Jika dilihat dari jenis barang yang didistribusikan, terdapat 2 (dua) macam PBF, yakni PBF Obat dan PBF Bahan Baku Obat. Sementara jika didasarkan pada cakupan areanya, dikenal istilah PBF Pusat dan PBF Cabang.
Untuk mendapatkan izin sebagai PBF, pihak perusahaan sebagai pemohon wajib memenuhi sejumlah persyaratan. Mulai dari badan hukum PT/Koperasi, mempunyai NPWP, memiliki gudang penyimpanan berikut perlengkapan khusus, hingga menyediakan ruang obat yang terpisah.
Dikarenakan PBF adalah perusahaan yang berhubungan dengan bidang kesehatan, maka dalam praktiknya PBF mempunyai sejumlah ketentuan khusus. Ketentuan yang diatur dalam Permenkes Nomor 34 Tahun 2014 inilah yang akan mendukung setiap aktivitas distribusinya:
PBF pusat dan PBF cabang hanya bisa mengadakan, melakukan penyimpanan, serta menyalurkan obat atau bahan obat dengan syarat mutu sesuai ketetapan menteri;
PBF bisa melaksanakan pengadaan obat yang didapatkan dari industri farmasi atau sejenis.

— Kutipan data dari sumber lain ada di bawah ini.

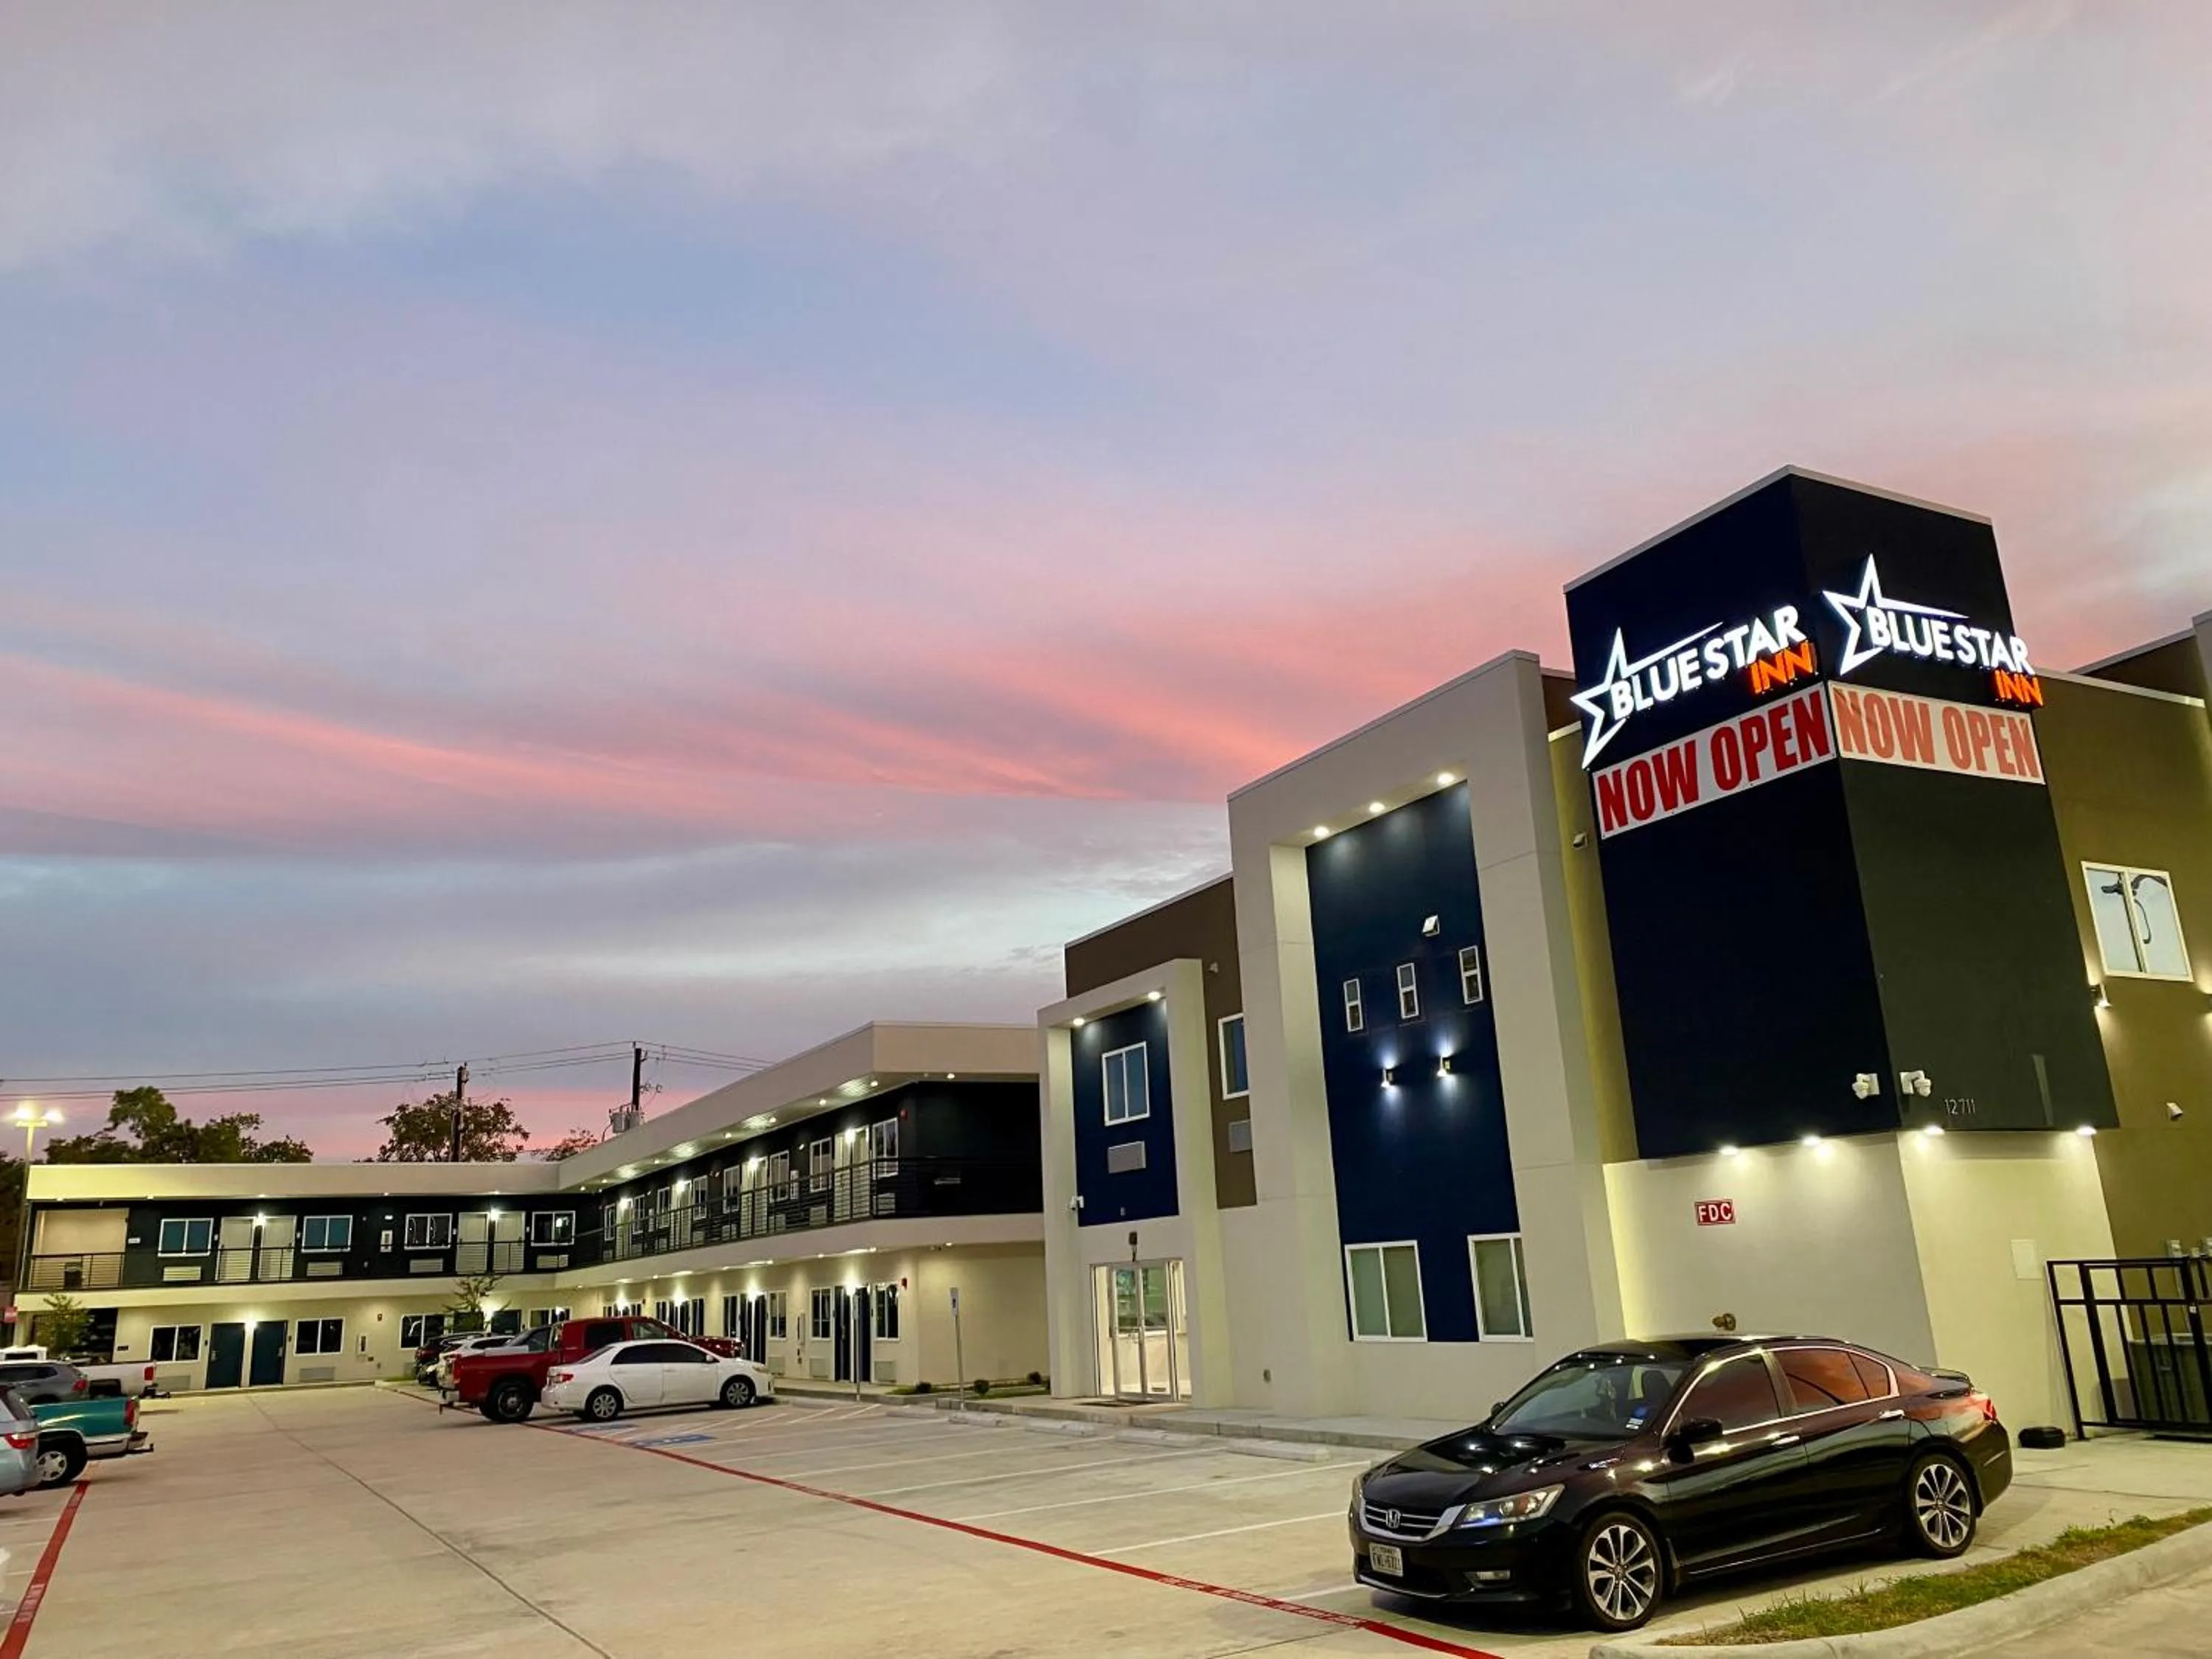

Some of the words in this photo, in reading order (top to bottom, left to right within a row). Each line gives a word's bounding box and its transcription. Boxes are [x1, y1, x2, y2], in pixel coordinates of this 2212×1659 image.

PBF hanya dapat menjalankan pengadaan bahan obat-obatan dari industri farmasi, PBF lainnya atau melalui jalur import;
Pengadaan bahan-bahan obat dengan jalur import harus dilaksanakan sesuai ketentuan dan peraturan perundang-undangan;
Pengadaan obat atau bahan obat oleh PBF cabang hanya dapat dilaksanakan dari PBF pusat.
Dalam pengadaan obat atau bahan obat, PBF harus menyertakan surat pesanan yang ditandatangani oleh apoteker penanggung jawab yang mencantumkan nomor Surat Izin Kerja Apoteker (SIKA)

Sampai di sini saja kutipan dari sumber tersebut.